I was in despair when I arrived, but when the doors slid open and I heard laughter in the brightly illuminated entryway I began to feel more relaxed and positive about my situation. I was met with cheerful, confident professionals who helped settle me into my hospital room. Although it was a busy medical center, someone was always quickly there when I summoned them with my trusty button throughout both the days and nights.

I started physical therapy the same day I arrived, and I was encouraged to push through my fear of pain to start the arduous journey to recovery. Everyone there, from the management staff, doctors, registered nurses, licensed practical nurses, certified nurses aides, custodians and cooks cheered me on. This was so infectious that my confidence started to soar. I stayed for three weeks receiving the most amazing care.

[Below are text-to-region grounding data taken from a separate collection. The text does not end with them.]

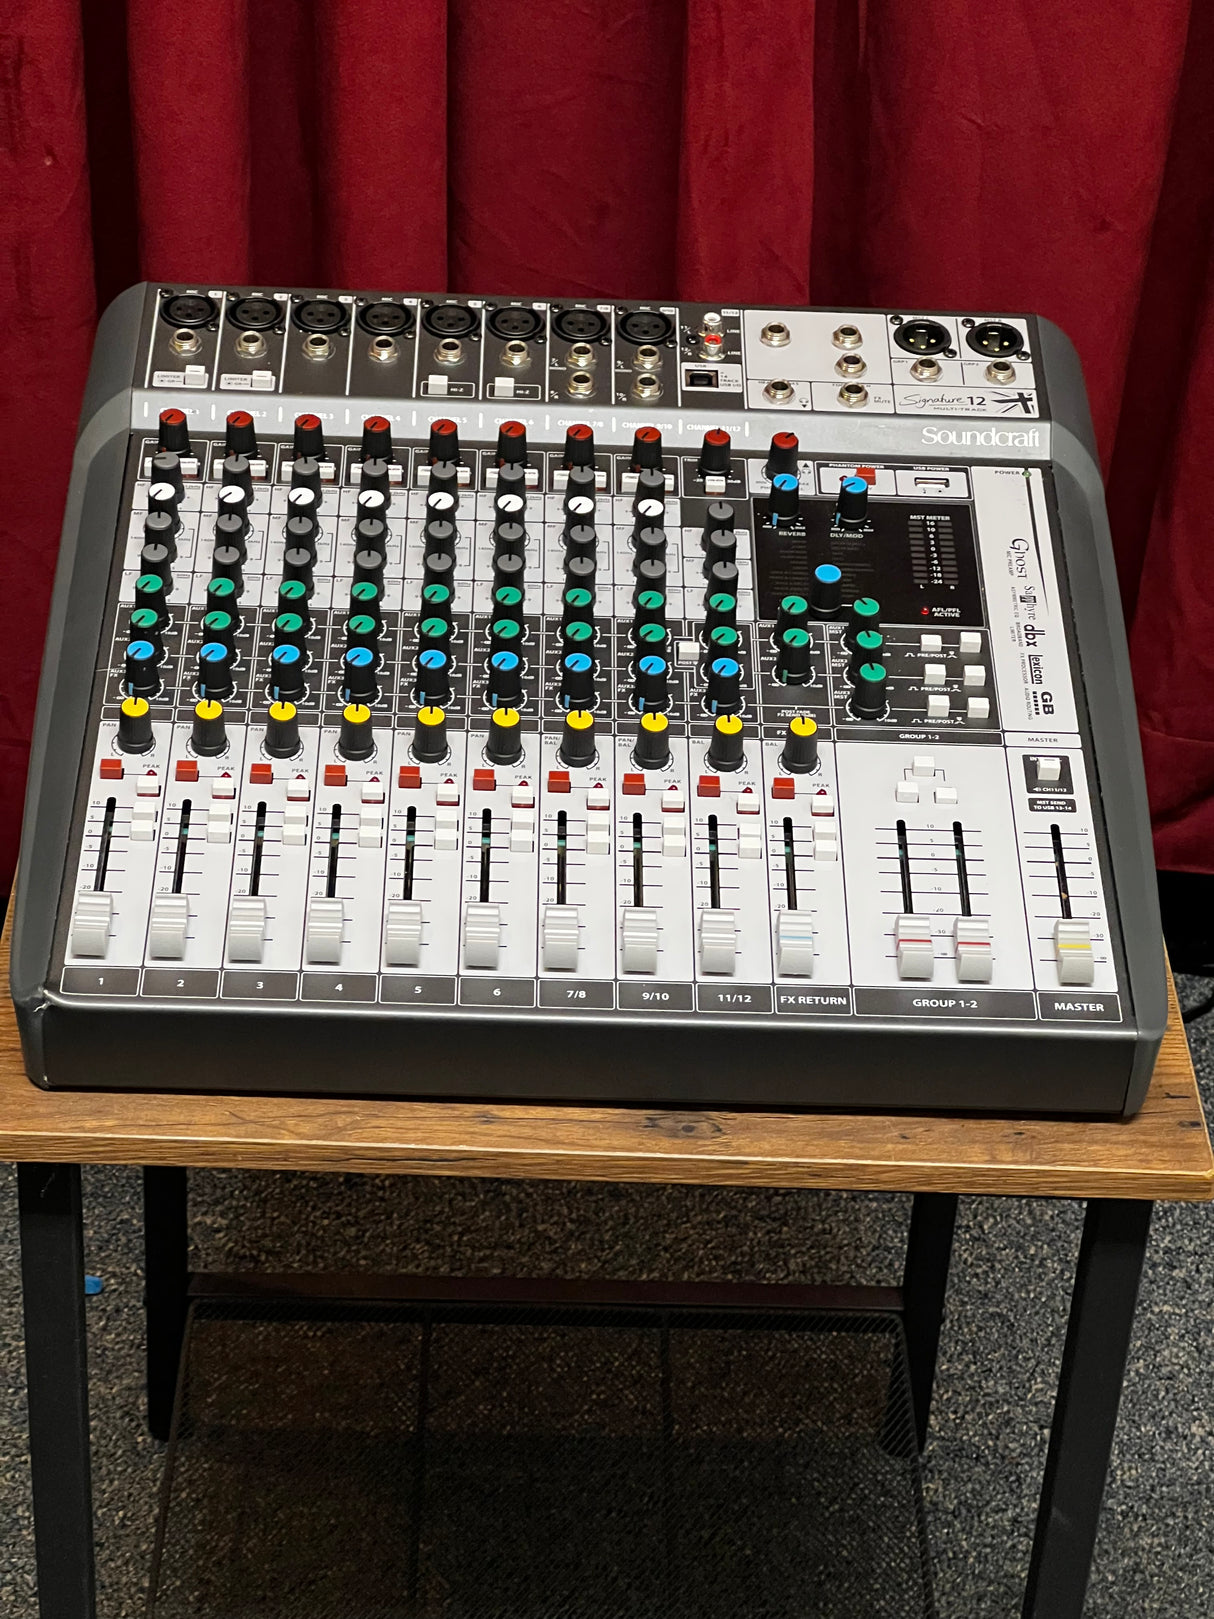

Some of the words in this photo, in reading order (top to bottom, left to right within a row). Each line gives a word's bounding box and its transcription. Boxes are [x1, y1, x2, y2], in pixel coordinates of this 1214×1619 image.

[899, 393, 965, 408] Signature
[967, 396, 986, 405] 12
[922, 427, 1040, 447] Soundcraft
[1024, 624, 1046, 647] dbx
[1028, 655, 1043, 684] lexicon
[1041, 691, 1054, 715] GB
[567, 990, 586, 999] 7/8
[643, 992, 669, 1001] 9/10
[718, 994, 752, 1003] 11/12
[780, 996, 796, 1004] FX
[798, 997, 847, 1005] RETURN
[913, 999, 957, 1008] GROUP
[959, 999, 978, 1008] 1-2
[1054, 1003, 1104, 1012] MASTER

It was bittersweet to leave these wonderful people and the magical place they had created. I am profoundly grateful for the care and friendships I received at Mineral County Hospital.

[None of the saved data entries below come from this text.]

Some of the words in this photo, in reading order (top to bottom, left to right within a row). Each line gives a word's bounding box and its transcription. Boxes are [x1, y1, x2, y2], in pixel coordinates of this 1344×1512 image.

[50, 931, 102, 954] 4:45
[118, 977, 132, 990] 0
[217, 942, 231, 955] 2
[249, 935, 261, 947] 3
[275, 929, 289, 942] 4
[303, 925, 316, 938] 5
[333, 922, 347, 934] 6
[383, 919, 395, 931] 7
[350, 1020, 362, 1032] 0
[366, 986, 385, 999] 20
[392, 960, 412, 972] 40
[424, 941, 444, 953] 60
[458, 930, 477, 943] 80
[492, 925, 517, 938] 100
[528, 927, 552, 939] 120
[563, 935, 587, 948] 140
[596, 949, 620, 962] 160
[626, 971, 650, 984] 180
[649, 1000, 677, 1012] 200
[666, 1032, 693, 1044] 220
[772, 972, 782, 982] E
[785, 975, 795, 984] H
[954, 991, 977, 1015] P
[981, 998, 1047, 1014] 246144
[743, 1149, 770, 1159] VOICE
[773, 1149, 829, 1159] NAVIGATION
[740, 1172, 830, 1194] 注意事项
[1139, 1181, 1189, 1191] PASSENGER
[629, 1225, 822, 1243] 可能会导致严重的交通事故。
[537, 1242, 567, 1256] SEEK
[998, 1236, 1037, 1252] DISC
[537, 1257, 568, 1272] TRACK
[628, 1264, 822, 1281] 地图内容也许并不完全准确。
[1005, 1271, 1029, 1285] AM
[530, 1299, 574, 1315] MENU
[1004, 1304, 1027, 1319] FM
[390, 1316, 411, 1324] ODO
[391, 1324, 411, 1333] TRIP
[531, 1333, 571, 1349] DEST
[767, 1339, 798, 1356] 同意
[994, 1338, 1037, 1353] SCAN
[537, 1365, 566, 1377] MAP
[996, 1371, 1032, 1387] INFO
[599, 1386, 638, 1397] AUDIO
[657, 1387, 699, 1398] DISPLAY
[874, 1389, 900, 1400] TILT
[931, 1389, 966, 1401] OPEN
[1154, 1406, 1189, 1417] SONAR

— Elizabeth Kaparich, Missoula

Faith in Montanans

On Sept. 3, my husband and I were visiting my brother, Denley Loge. We attended the Sanders County Fair together and purchased tickets for the rodeo, had a bite to eat at the picnic table area and left to return that evening for the rodeo.

I discovered later on the way home that I had left my fanny pack on the picnic table. We returned, but the fanny pack was gone.

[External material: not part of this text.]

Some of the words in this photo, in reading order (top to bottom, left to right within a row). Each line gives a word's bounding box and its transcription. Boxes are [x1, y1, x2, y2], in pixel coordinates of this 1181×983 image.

I checked with the fair office and the first aid office along with individuals around the picnic tables. The fanny pack was gone.

Later that evening we discovered someone had brought the missing fanny pack to the fair office. Hailey and all the office people were a huge help! Everything was in the fanny pack (money, credit cards, Rodeo tickets and check book).

We appreciate the honest person who faithfully returned my fanny pack and everything in it. Our faith in Montanans was once again demonstrated.

— Nola Smith, Arlington, Washington

Re-elect Gustafson

Many people want a pet judge — obedient to their interests and unable to think independently. Ingrid Gustafson is no one’s pet.

I’ve been a Montana state district judge twice — first in the 4th Judicial District (now Missoula and Mineral counties) from 1978 until 1989, recently in the 19th Judicial District (Lincoln County) from 2011 until 2017. I’ve seen Justice Gustafson’s work—read her opinions and listened to her discussions at judicial conferences. I know that she follows and interprets the law reasonably and intelligently. She doesn’t play favorites. She pays attention to the record. She is overwhelmingly honest. I’ve never seen anyone more suited for the bench, and few her equal.

Please vote to re-elect Ingrid Gustafson as a Justice on the Montana Supreme Court.

— Jim Wheelis, Missoula

Zinke and Trane

The race for Montana’s new U.S. House seat is critical to the future of our country. I know both candidates and have worked directly with both of them. I served in the Montana Senate with Commander Zinke and was on the Montana Public Service Commission when Ms. Tranel worked as counsel for the Montana Consumer Council.

In my experience there is a big contrast between the two. I saw Cmdr. Zinke work hard to represent the people of Montana. As for Ms. Tranel, I saw her do nothing but advocate for the green energy movement.

I for one look at the candidates’ records and not the headlines. Ms. Tranel wants a dangerously rapid elimination of traditional energy sources, leaving us reliant on wind and solar. Cmdr. Zinke on the other hand has always advocated for a balanced energy mix, using natural resources to ensure a baseload of power while supplementing with renewables.

Developing all energy sources benefit Montana by keeping prices stable and our economy strong. Forcing the elimination of traditional energy sources would leave us short of needed supply, just as California and Arizona are now.

As you prepare to choose the individual that will represent Montana on the national stage, please consider which direction do you want our nation and our state to go.

A vote for Cmdr. Ryan Zinke will be a vote for lower inflation, a strong economy, higher wage jobs and a future for our families.